*Work to complete*.
A word-for-word copy of the entries, with the images left out, is what you should write.

-.-.-

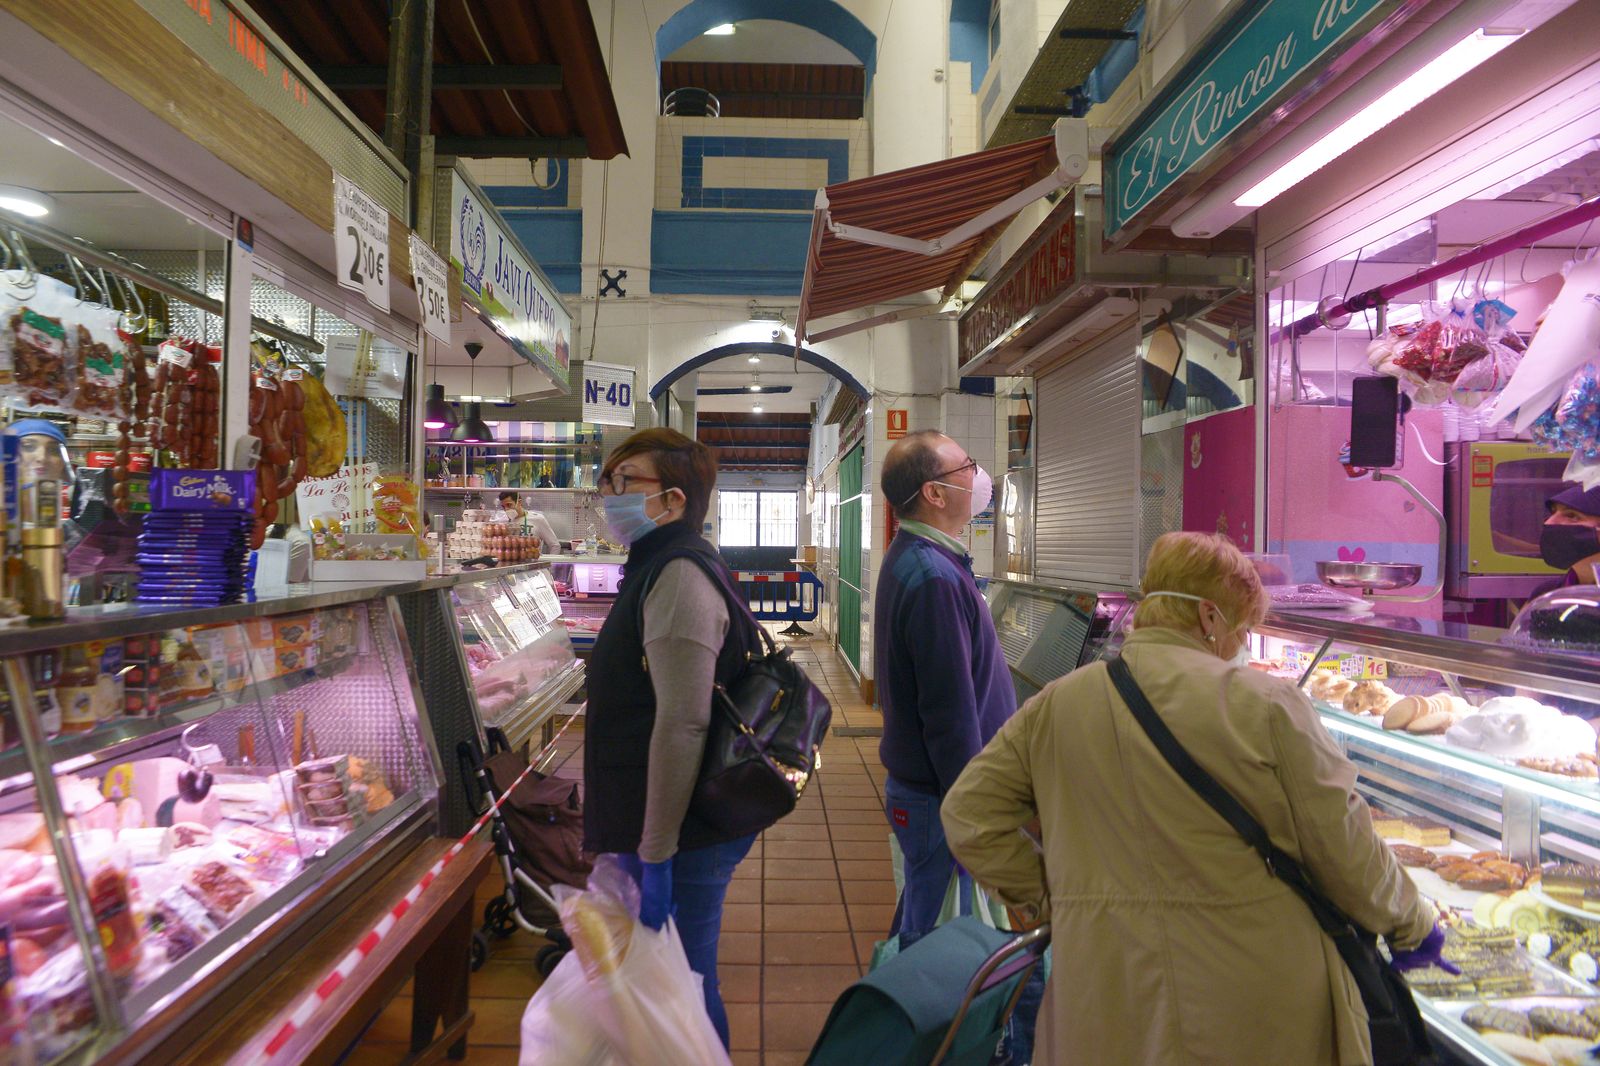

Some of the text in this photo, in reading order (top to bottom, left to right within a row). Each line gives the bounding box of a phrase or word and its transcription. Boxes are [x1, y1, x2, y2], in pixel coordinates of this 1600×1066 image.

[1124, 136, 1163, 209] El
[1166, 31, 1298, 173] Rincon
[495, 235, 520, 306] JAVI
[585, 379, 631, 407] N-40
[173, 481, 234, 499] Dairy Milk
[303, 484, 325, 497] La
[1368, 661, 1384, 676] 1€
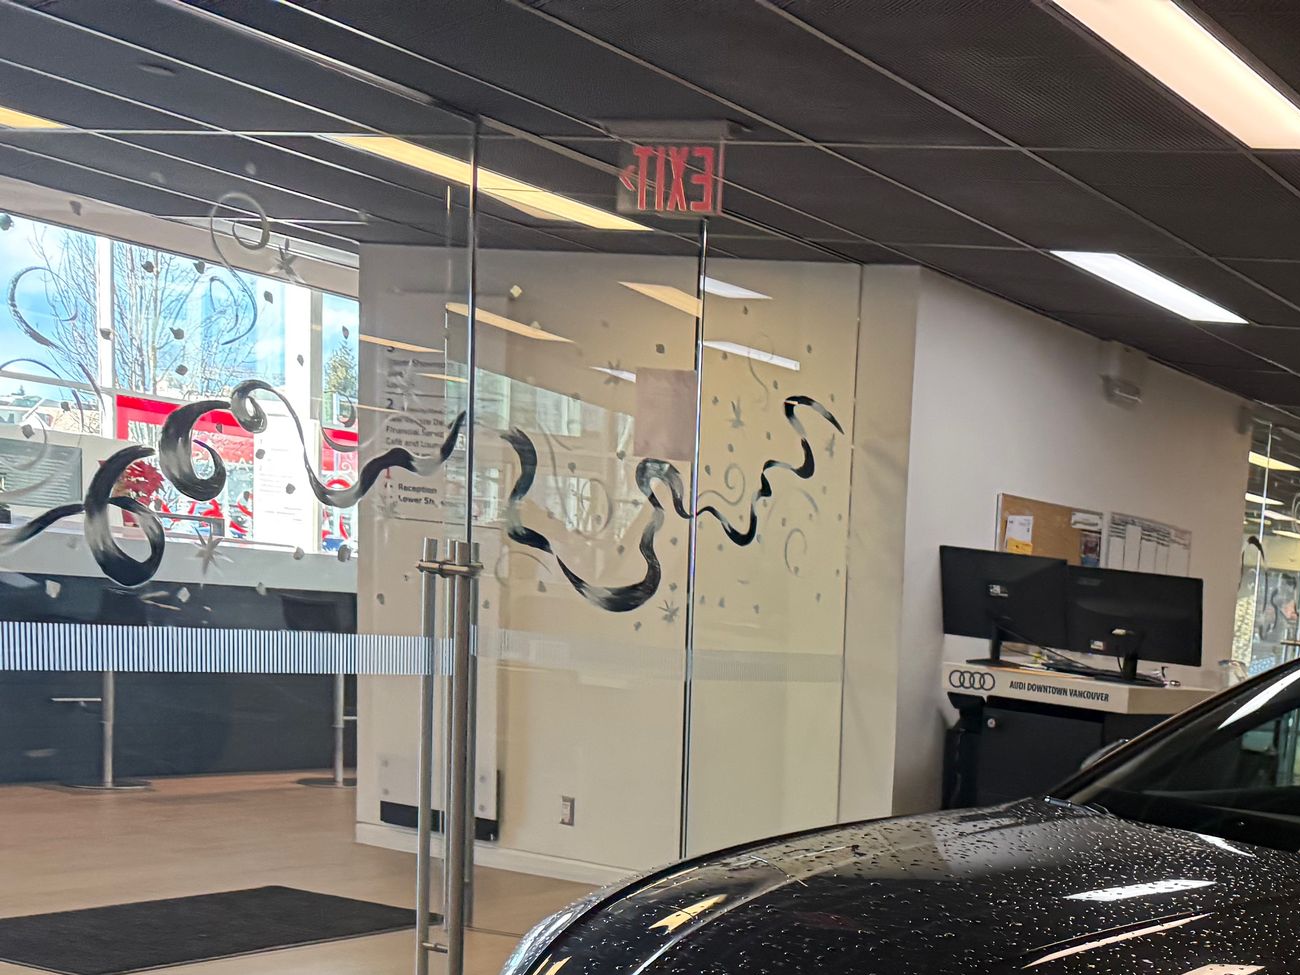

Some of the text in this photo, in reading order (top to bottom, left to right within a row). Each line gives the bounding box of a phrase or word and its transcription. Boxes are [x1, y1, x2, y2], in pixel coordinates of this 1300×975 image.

-.-.-

*Reply to the task*.
Some of the text in this photo, in reading order (top to bottom, left to right within a row). Each line gives the bounding box of a phrase or word and its transcription. Boxes are [x1, y1, x2, y2], in pixel coordinates of this 1600×1066 image.

[1124, 136, 1163, 209] El
[1166, 31, 1298, 173] Rincon
[495, 235, 520, 306] JAVI
[585, 379, 631, 407] N-40
[173, 481, 234, 499] Dairy Milk
[303, 484, 325, 497] La
[1368, 661, 1384, 676] 1€

Some of the text in this photo, in reading order (top to bottom, left to right within a row). Each line gives the bounding box of a phrase or word and its transcription. Boxes are [x1, y1, x2, y2], in pixel coordinates of this 1300×975 image.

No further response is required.